5.4 Date of Payments. LICENSEE shall pay NAVTECH any and all fees and other
charges required under this Agreement within 30 days of the applicable
due dates as set forth herein.
5.5 Manner of Payment. All payments made by LICENSEE to NAVTECH hereunder
shall be made by means of good funds or telegraphic transfer of funds
in the currency (or officially invoked successor thereof) and to the
bank account specified in each Territory License.
5.6 License Fee Adjustments. [redacted]
5.7 Payment Default. In the event that LICENSEE is late or otherwise in
default with respect to any payment due hereunder, LICENSEE shall pay
to NAVTECH interest at [redacted] on the sum due from the due date of
the payment until the full payment thereof.
5.8 License Fee Reports. On or before the 10th day of each calendar month,
LICENSEE shall provide NAVTECH with a written license fee report
certified by an authorized representative of LICENSEE, which report
shall set forth the license fee and other charges due and the basis of
calculation thereof as well as such other information NAVTECH may
reasonably request, including, without limitation, [redacted].

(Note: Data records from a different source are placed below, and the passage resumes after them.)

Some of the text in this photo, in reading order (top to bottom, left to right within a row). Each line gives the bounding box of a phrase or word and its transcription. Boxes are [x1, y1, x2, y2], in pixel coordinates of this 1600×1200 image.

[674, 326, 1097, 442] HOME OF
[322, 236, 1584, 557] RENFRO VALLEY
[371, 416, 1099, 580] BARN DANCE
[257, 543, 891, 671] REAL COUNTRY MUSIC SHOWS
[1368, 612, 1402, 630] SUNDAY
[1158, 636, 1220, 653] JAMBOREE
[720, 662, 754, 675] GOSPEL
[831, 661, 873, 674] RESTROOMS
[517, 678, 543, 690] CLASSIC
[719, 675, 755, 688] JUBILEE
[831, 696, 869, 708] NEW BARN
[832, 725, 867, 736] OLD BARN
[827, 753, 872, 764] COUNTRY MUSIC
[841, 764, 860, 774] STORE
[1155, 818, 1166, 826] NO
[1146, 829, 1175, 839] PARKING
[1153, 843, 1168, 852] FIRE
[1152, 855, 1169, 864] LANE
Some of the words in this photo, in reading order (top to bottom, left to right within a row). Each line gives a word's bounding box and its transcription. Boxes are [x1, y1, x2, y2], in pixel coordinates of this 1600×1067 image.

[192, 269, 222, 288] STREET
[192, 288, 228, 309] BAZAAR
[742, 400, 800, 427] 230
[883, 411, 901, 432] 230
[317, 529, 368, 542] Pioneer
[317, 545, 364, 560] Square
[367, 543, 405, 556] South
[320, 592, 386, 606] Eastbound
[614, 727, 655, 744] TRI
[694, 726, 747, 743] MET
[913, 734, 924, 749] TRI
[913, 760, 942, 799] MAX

5.9 Right to Audit. LICENSEE shall keep and maintain detailed and accurate
books and records with regard to license fees and the basis of
calculation thereof for a period of three (3) years after the
applicable payment of license fees. NAVTECH shall
Harman Data License Agreement CONFIDENTIAL Page 3
have the right, at its own expense, on reasonable notice and not more
often than once annually, to inspect and audit LICENSEE's records and
other relevant information for the purpose of verifying the amount of
license fees and other charges due and LICENSEE's compliance with the
terms and conditions of this Agreement. Any inspection and audit of
business records shall occur within eighteen (18) months following the
applicable fee payment and shall be during reasonable business hours at
the location where LICENSEE maintains such records. NAVTECH shall
maintain the confidentiality of such records to the extent required
under ARTICLE 16, and shall put the information and records inspected
to no other use than the verification of license fees due [redacted].

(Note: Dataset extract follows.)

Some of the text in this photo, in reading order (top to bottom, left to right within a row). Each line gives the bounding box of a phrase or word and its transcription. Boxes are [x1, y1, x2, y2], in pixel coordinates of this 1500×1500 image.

LICENSEE shall pay NAVTECH any amount shown to be due by an audit
within 10 days of completion of the audit [redacted].
6. TERM & TERMINATION
6.1 Term. Unless terminated as provided herein, the term of this Agreement
is from the Effective Date through the Expiration Date and any
extension thereof pursuant to Section 6.2. The term of each Territory
License shall be as specified therein, but in no event beyond the term
of this Agreement or any extension thereof.

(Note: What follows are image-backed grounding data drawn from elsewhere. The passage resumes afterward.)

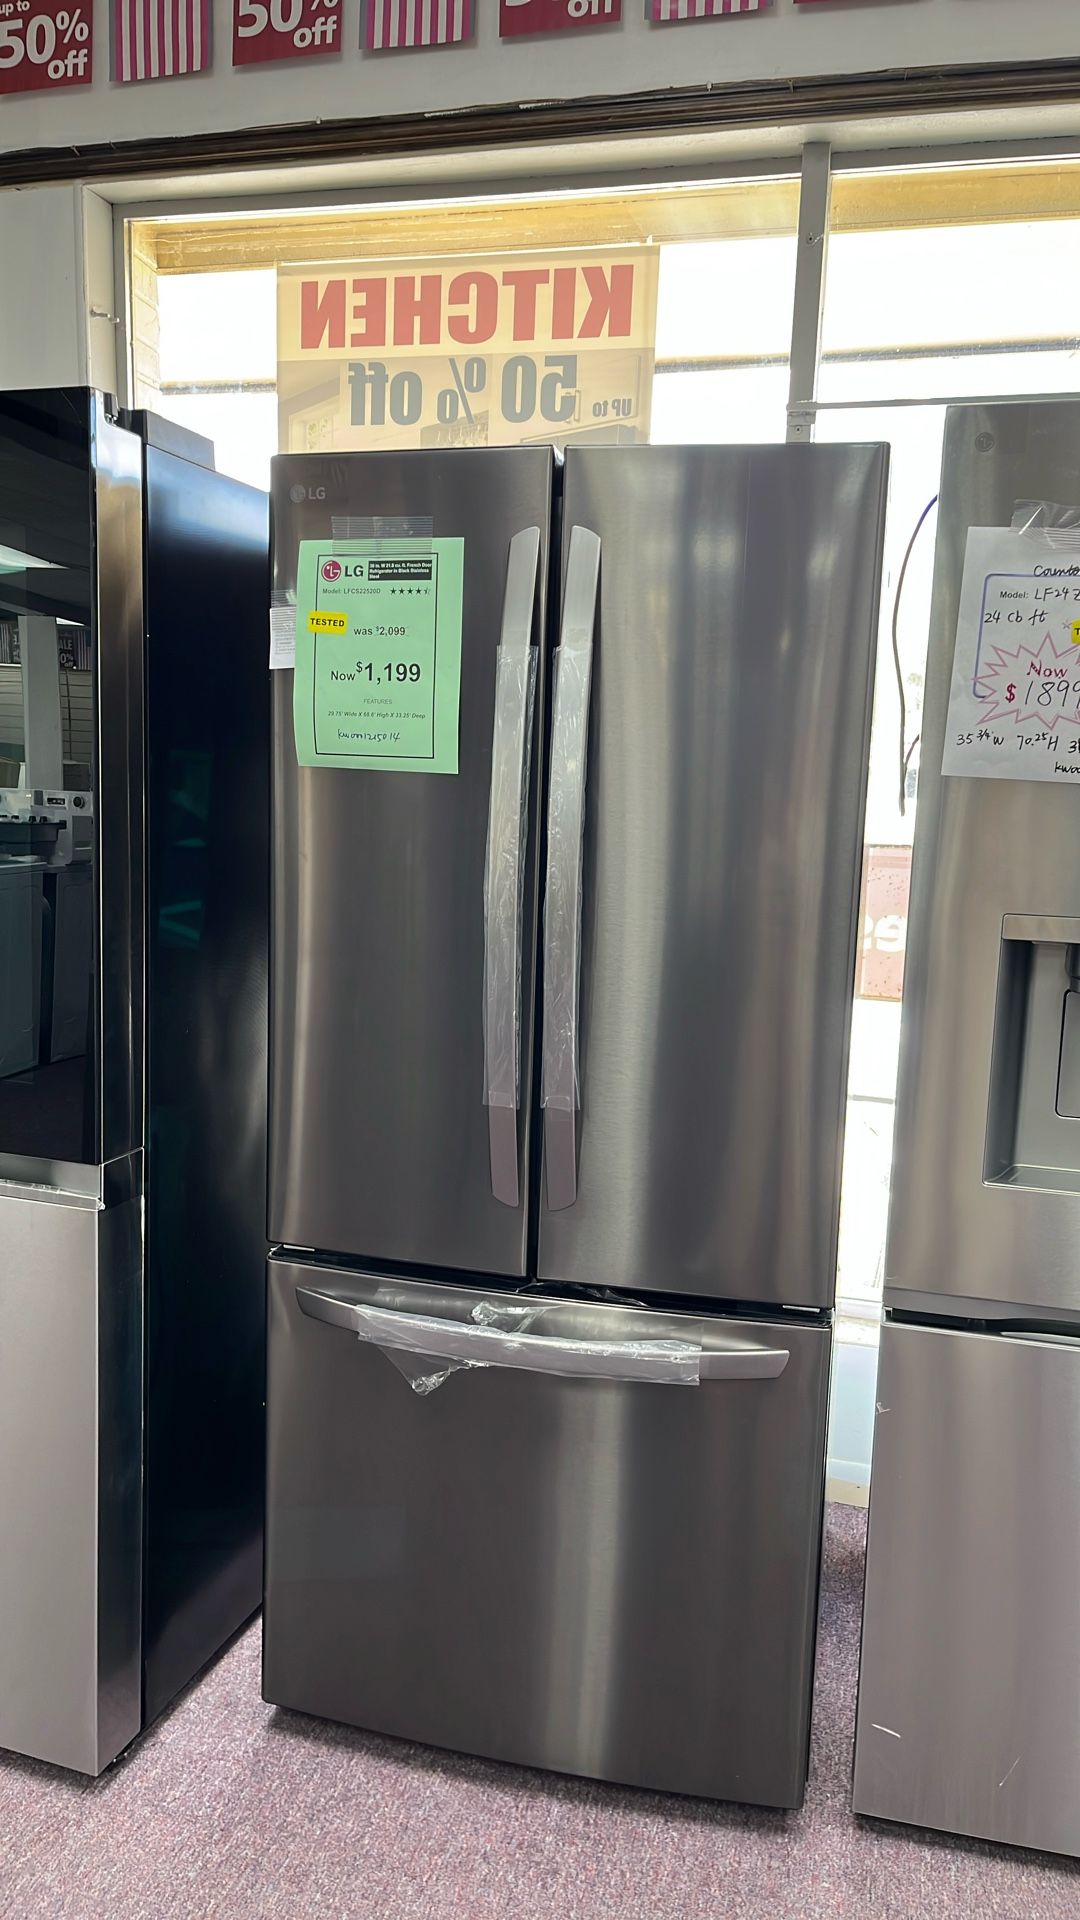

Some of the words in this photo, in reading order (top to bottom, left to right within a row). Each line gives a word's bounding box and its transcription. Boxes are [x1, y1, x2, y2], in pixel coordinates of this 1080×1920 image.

[16, 0, 30, 11] to
[293, 15, 337, 48] off
[0, 9, 89, 69] 50%
[47, 48, 88, 80] off
[308, 487, 326, 500] LG
[344, 565, 364, 577] LG
[1000, 591, 1029, 599] Model:
[310, 617, 345, 627] TESTED
[984, 609, 1001, 624] 24
[1028, 608, 1048, 626] ft
[353, 627, 373, 636] was
[375, 625, 406, 636] $2,099
[330, 670, 356, 682] Now
[355, 661, 421, 685] $1,199
[1026, 660, 1068, 679] Now
[376, 711, 389, 719] High

6.2 Term Extension. The term of this Agreement shall automatically extend
for additional one (1) year periods, unless either party delivers
written notice of termination to the other at least six (6) months
prior to the expiration of the term of this Agreement or any extension
thereof.
6.3 Termination for Breach. If either party materially breaches any of the
terms of this Agreement, and fails to cure such a breach within 30 days
after receiving written notification of such breach from the
non-breaching party, the non-breaching party may immediately terminate
this Agreement and may, in addition to all other remedies available at
law and in equity, protect its interests by any means available to it.
6.4 Obligations On Termination. Immediately following termination or
expiration of this Agreement or any Territory License for any reason,
LICENSEE shall cease any and all use and distribution of the NavTech
Data, undistributed Copies, information and services derived therefrom,
related documentation, and all other information and materials provided
by NAVTECH to LICENSEE under the Agreement or Territory License,
respectively, and LICENSEE shall return all of the foregoing items and
materials to NAVTECH within 30 days of such termination or expiration.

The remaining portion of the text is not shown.